The 39-year-old mayor of Tallahassee upset the establishment favorite, Gwen Graham, by embracing some of the same views on health care and immigration that thrust upstart New York congressional candidate Alexandria Ocasio-Cortez into national stardom in a House contest in June. And he now becomes the second black gubernatorial nominee in the South, along with Georgia candidate Stacey Abrams, whose nomination in that neighboring state has energized many liberals.
The Florida race now stands as a national test for the base of each major party. Gillum, who won with the support of an array of liberal activists such as Sen. Bernie Sanders, the independent from Vermont, and billionaires Tom Steyer and George Soros, will face off against Republican Rep. Ron DeSantis. He secured his party’s nomination on the strength of an endorsement from President Trump and allies such as Fox News host Sean Hannity.
Gillum seems happy to play up the contrast.
“When people see my face and hear our story, there’s a different level of passion and drive to go out and vote,” he said in a recent interview. “And it’s not just the color of my skin, it’s my lived experience, coming from a working-class family. Voters have an appetite for a candidate who is going to reflect them.”
Gillum was born in a working-class neighborhood near Miami, the fifth of seven children. His mother drove a school bus and his father was a construction worker, and on days when he didn’t get on with a crew, he would sell fruits and vegetables on street corners.

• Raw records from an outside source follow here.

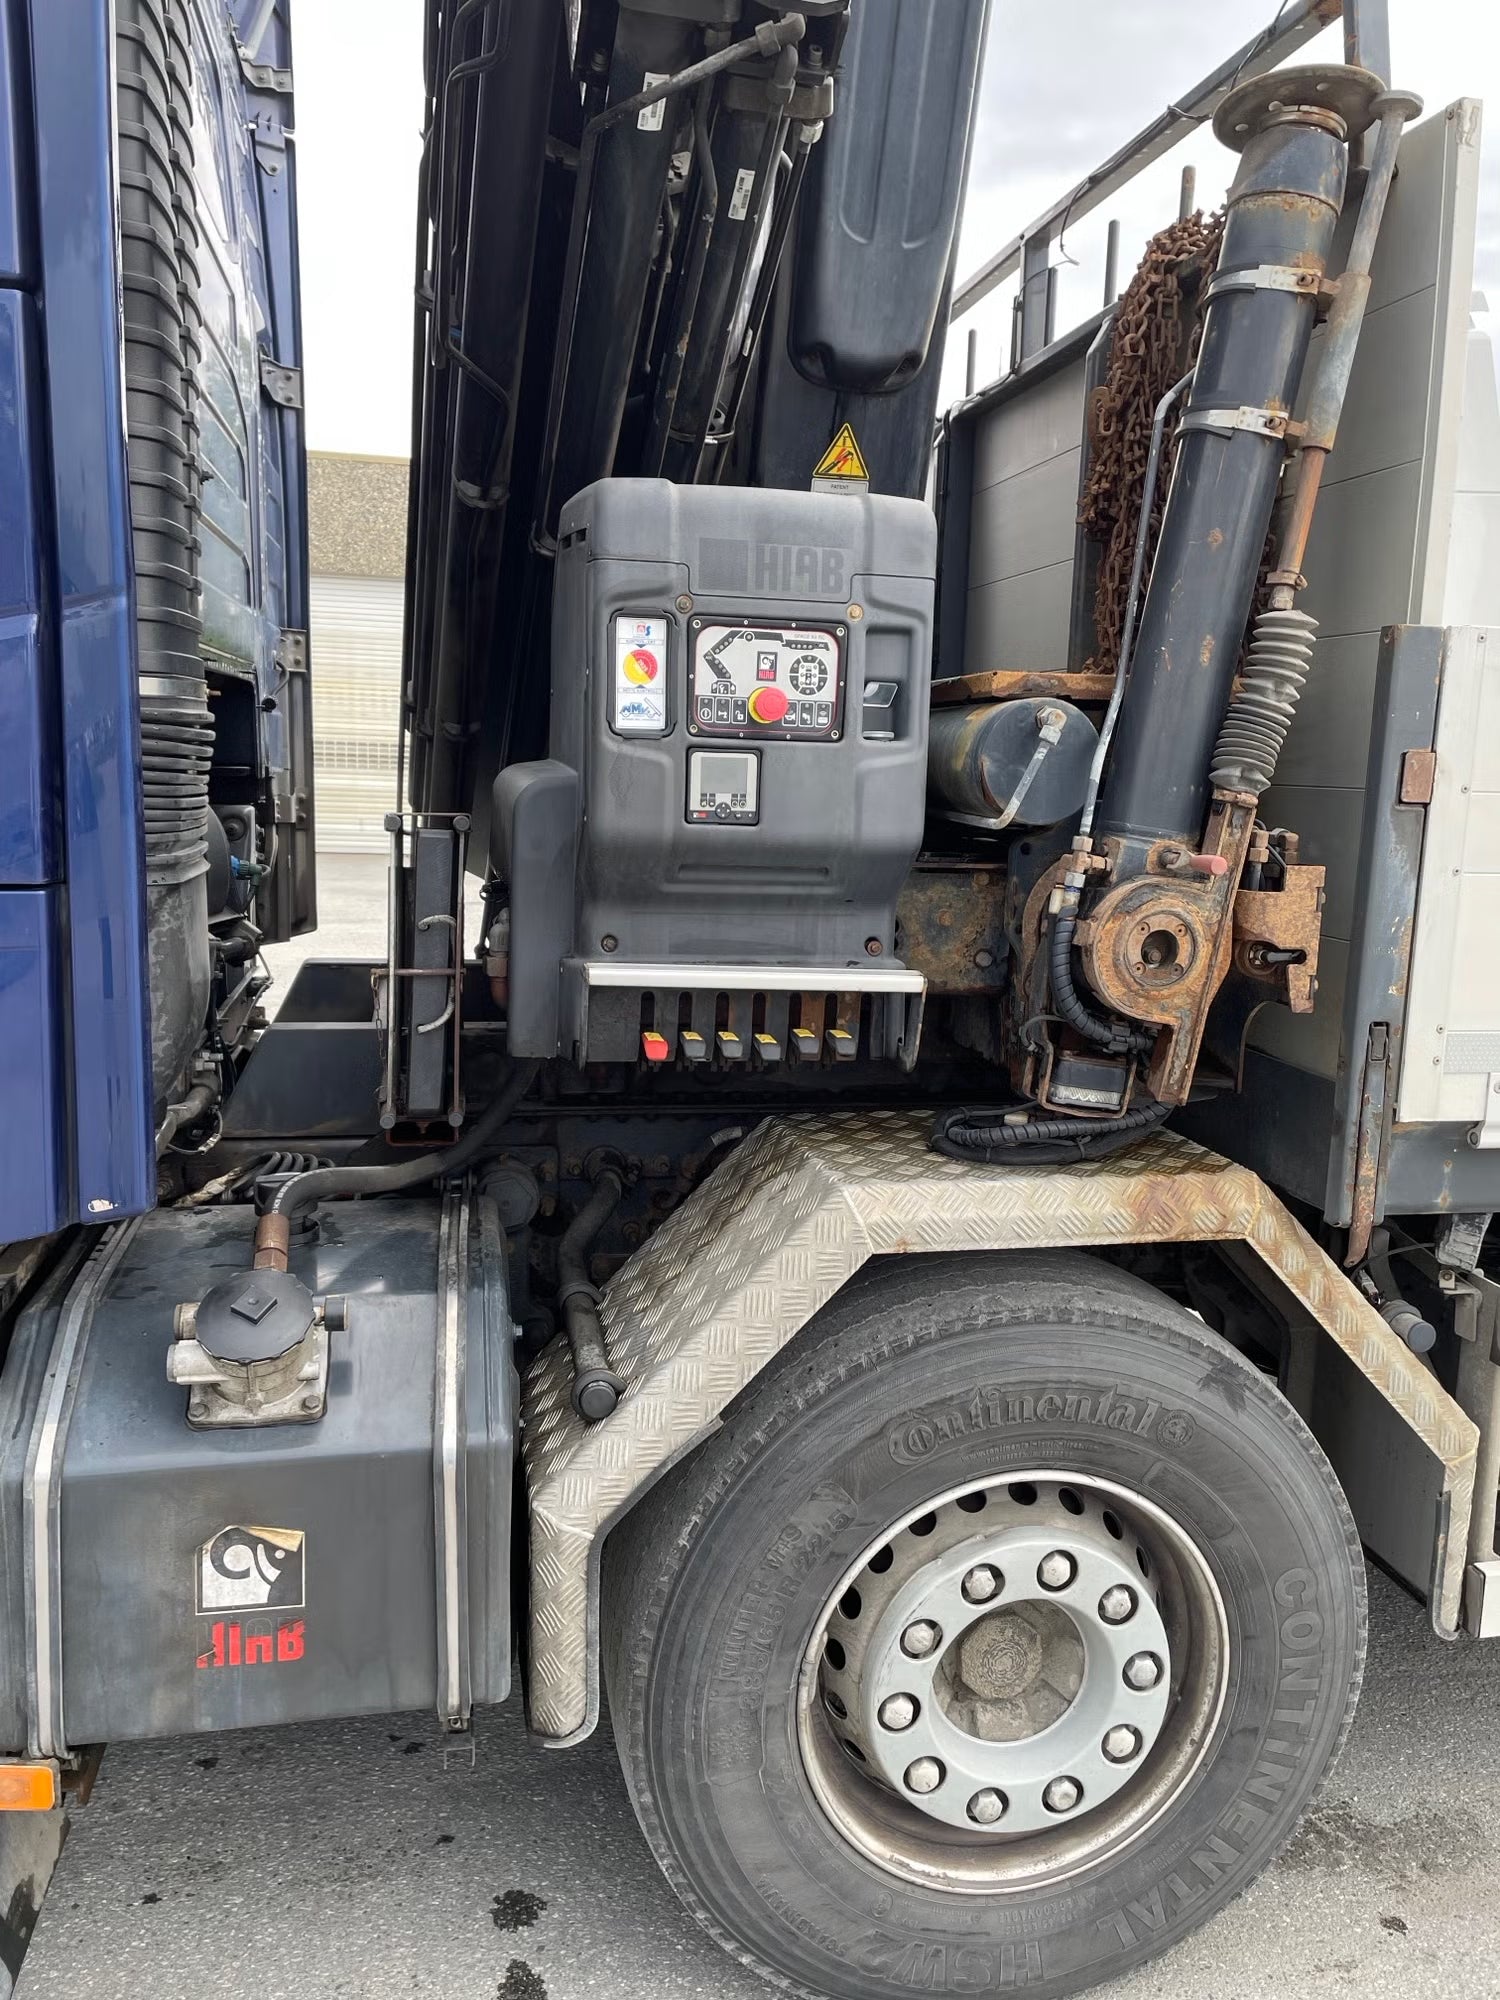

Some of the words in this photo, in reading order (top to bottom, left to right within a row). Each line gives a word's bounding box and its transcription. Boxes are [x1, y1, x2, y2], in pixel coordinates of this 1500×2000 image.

[755, 545, 844, 594] HIAB
[888, 1383, 1163, 1466] Continental
[781, 1575, 802, 1599] R
[719, 1580, 770, 1681] WINTER
[1097, 1566, 1324, 1950] CONTINENTAL

The younger Gillum recalled getting free dental care from a mobile clinic that came through his neighborhood.
In 1992, just before Hurricane Andrew devastated South Florida, Gillum said his father moved the family to Gainesville to care for his ailing grandfather.
There, he said, some teachers took him under their wing and “put me on the track to being college bound.” He went to Florida A&M University in Tallahassee, stayed after graduation and in 2003, at the age of 23, became the youngest person elected to the city commission. In 2014, he was elected mayor.

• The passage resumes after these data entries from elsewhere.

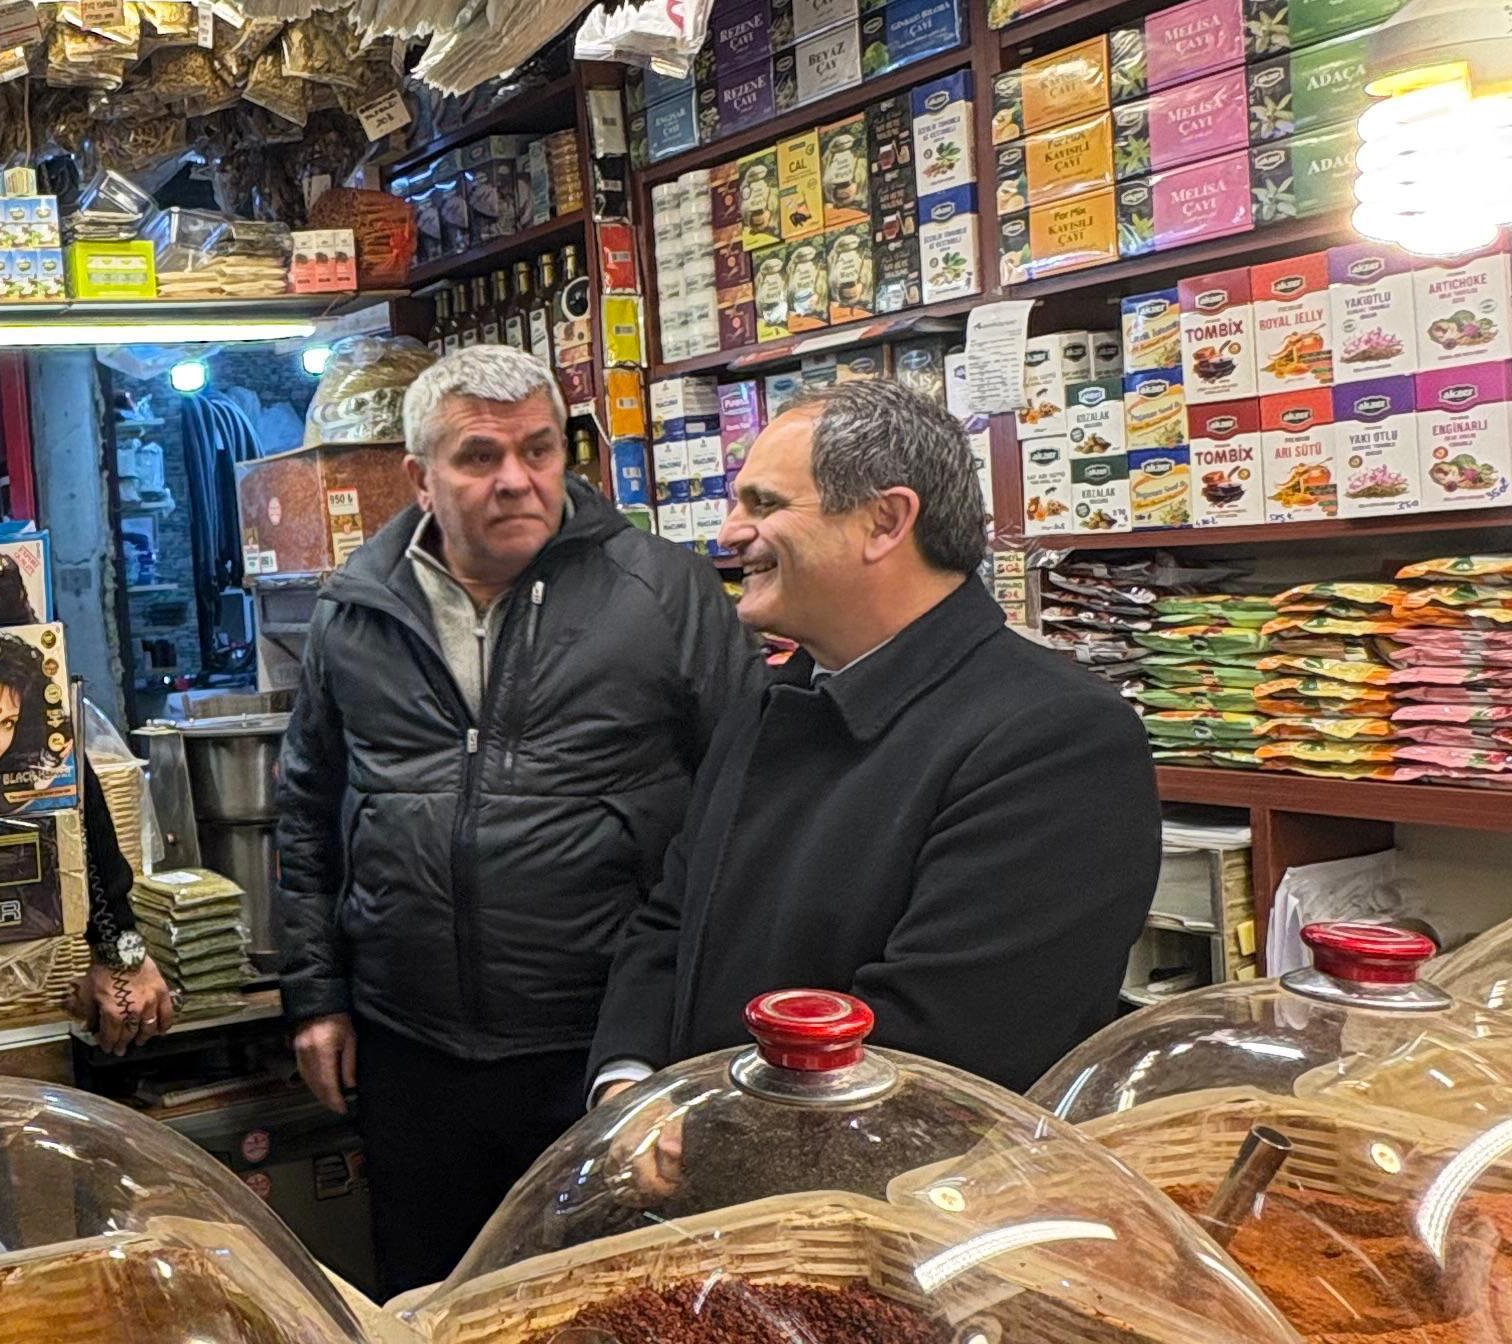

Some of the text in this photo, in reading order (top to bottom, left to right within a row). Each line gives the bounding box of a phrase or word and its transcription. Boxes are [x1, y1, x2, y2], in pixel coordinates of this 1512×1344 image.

[720, 13, 764, 43] REZENE
[1164, 14, 1223, 43] MELİSA
[808, 42, 845, 67] BEYAZ
[1175, 33, 1213, 56] ÇAYI
[816, 59, 838, 76] ÇAY
[1306, 63, 1367, 91] ADAÇA
[723, 75, 767, 103] REZENE
[1167, 100, 1223, 125] MELİSA
[1178, 115, 1213, 136] ÇAYI
[1045, 142, 1090, 163] KAYISILI
[1054, 158, 1081, 173] ÇAYI
[1307, 152, 1354, 175] ADAÇ
[1170, 179, 1227, 205] MELİSA
[1181, 197, 1217, 217] ÇAYI
[1047, 218, 1094, 237] KAYISILI
[1057, 232, 1085, 246] ÇAYI
[1429, 273, 1487, 294] ARTICHOKE
[1185, 318, 1244, 343] TOMBİX
[1259, 309, 1324, 331] ROYAL JELLY
[1076, 412, 1110, 424] KOZALAK
[1432, 419, 1488, 437] ENGİNARLI
[1349, 430, 1398, 445] YAKI OTLU
[1194, 445, 1253, 466] TOMBİX
[1275, 442, 1322, 459] ARI SÜTÜ
[1082, 489, 1115, 499] KOZALAK
[3, 772, 35, 785] BLACK

Gillum, who is married with three children, said that Trump’s election pushed him to run for governor this year.
He said the Democratic Party, which has not won a gubernatorial race in Florida since 1994, had repeatedly failed to win because it put up “Republican-lite” candidates who failed to excite the state’s growing population of minorities and young people.

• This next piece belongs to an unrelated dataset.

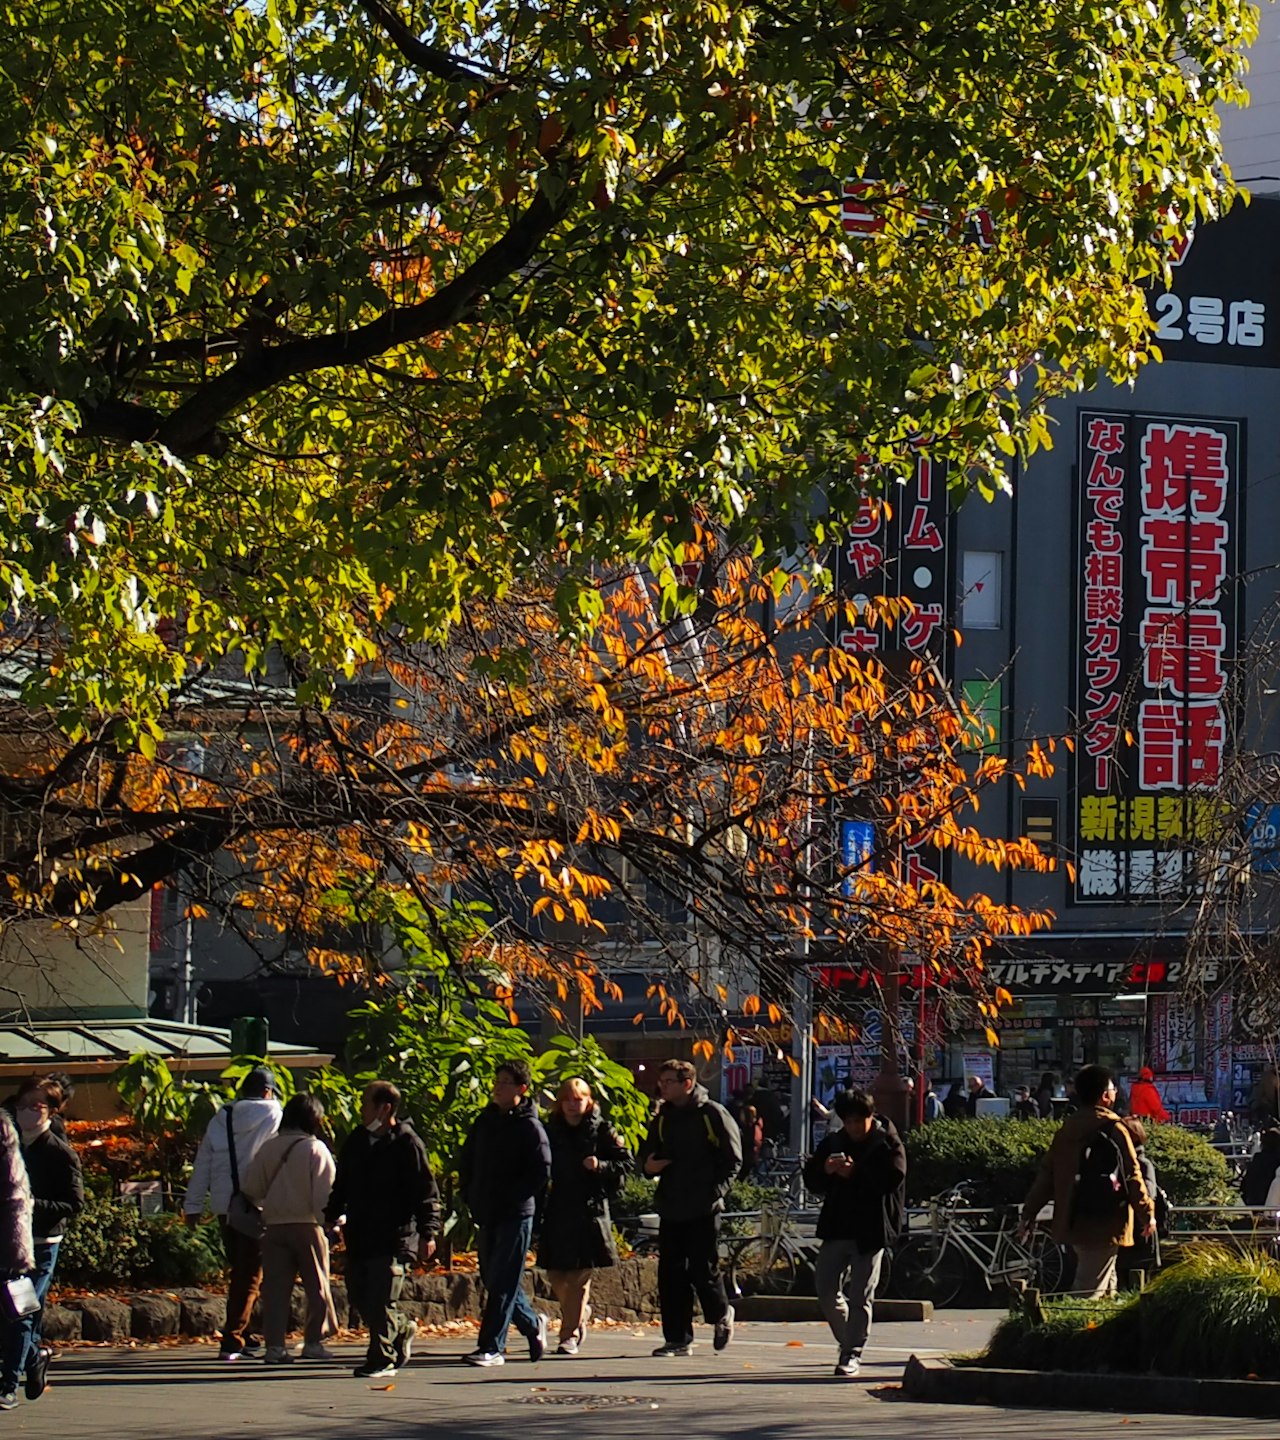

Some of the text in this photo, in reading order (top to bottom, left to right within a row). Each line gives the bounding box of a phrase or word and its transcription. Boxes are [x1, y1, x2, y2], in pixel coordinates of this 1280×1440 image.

“We can’t do any worse than they’ve done and the stakes are too high to try their way again,” he said.
Gillum now will top the ticket for a state party that has long looked to more centrist candidates in the tradition of the late Democratic Gov. Lawton Chiles.
Many longtime Florida Democrats were backing Graham, the former congresswoman and daughter of former senator Bob Graham, who had been leading in the polls. And Gillum has faced questions about an FBI investigation that apears to be focused on Tallahassee city government, though the target is unclear and Gillum has said he has a “zero tolerance” for corruption.
But Gillum, who worked as a youth organizer for the liberal group People for the American Way, tapped into the restive left.
He marched with the students from Parkland, Fla., who were demanding stricter gun control after the mass shooting at Marjory Stoneman Douglas High School.
An endorsement from Sanders helped, as did a barrage of negative ads by billionaire candidate Jeff Greene aimed at Graham and another major candidate, Philip Levine, a former mayor of Miami Beach, paving the way for Gillum to catch up.
On Tuesday night, Gillum presented himself as an unusual Democrat with the ability to bring together various factions of his party because he had received Sanders’s support even after he had backed Hillary Clinton in the 2016 presidential race.
Asked about the chance to be Florida’s first black governor, Gillum said, “I’m trying to be the next governor of Florida. I just happen to be black.”
Yet Gillum has also drawn parallels between his candidacy and that of Abrams, noting that the two could make a statement in the South.
“The same part of this country that was built by people of color may soon be led by people of color,” he told The Washington Post in a recent interview. “That, in the shadow of Donald Trump in Washington, would be poetic justice in this country.”